The English National Health Service is prodding suppliers to commit to voluntary cybersecurity measures in a bid to prevent disruptive hacks.*
See Also: OnDemand | CISO Leadership Blueprint to Managing Budgets, Third-Party Risks & Breaches
In a Thursday open letter, the publicly funded healthcare system asked vendors handling clinical and confidential information systems to sign up to a voluntary cybersecurity charter. The charter is intended to help the NHS tackle “growing and ever-changing cybersecurity threat level,” the agency said.
Among the proposed measures are regularly patching IT systems, instituting multifactor authentication and requiring IT suppliers to monitor and log their systems to allow prompt incident response in the wake of an incident.
“Signing up to the cybersecurity charter is a helpful and positive step, but it does not amount to a legal obligation,” the NHS said. The government agency is currently mapping its supply chain to minimize risk.

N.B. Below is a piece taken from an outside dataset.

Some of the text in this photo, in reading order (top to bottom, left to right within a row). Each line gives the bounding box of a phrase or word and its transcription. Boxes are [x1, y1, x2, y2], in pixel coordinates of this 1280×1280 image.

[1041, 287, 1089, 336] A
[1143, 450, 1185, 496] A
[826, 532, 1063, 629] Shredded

The plea comes in the wake of ransomware hacks targeting IT suppliers. In December 2024, the Russian-speaking ransomware group INC Ransom hit three National Health Service hospitals in the U.K. (see: Cyber Incidents Hit Three NHS Hospitals in UK).
In June 2024, the Russian-speaking Qilin ransomware group attacked Synnovis, a provider of medical laboratory services for NHS hospitals. The attack disrupted services at NHS King’s College and Guy’s and St. Thomas’, forcing the health facilities to reschedule at least 1,500 medical appointments (see: Qilin Ransomware Group Leaks NHS Data).

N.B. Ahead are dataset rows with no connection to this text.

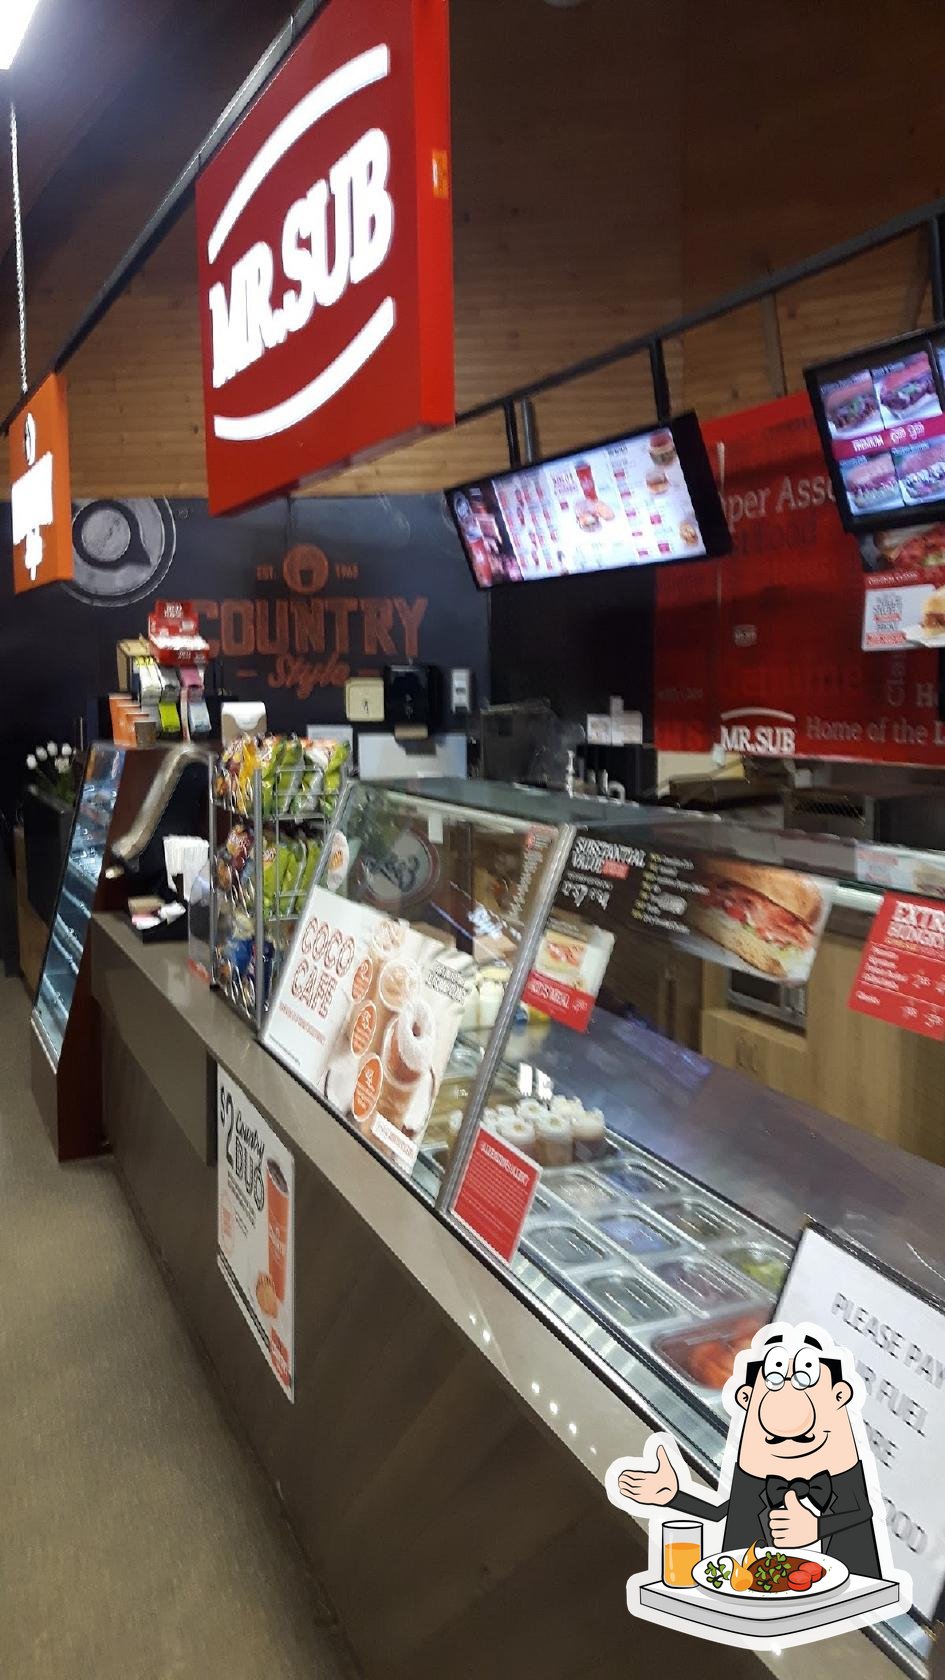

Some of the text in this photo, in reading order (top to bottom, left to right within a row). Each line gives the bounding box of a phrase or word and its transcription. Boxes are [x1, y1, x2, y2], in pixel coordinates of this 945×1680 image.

[209, 128, 394, 388] MR.SUB
[191, 597, 428, 656] COUNTRY
[267, 651, 350, 699] Style
[720, 724, 797, 755] MR.SUB
[804, 715, 857, 742] Home
[866, 718, 888, 743] of
[893, 716, 929, 746] the
[301, 916, 356, 978] COCO
[235, 1134, 265, 1212] DUO
[831, 1291, 906, 1361] PLEASE
[876, 1375, 928, 1440] FUEL

The voluntary measures come ahead of legislation the government plans to introduce that would boost reporting requirements and introduce more cyber hygiene requirements for essential and digital service supply chain entities (see: UK Government Previews Cybersecurity Legislation).
*Update May 16, 2025 13:02: NHS England, not NHS UK as previously reported, published the letter, meaning the voluntary framework only applies to England and Wales, and not Northern Ireland and Scotland. We regret the error.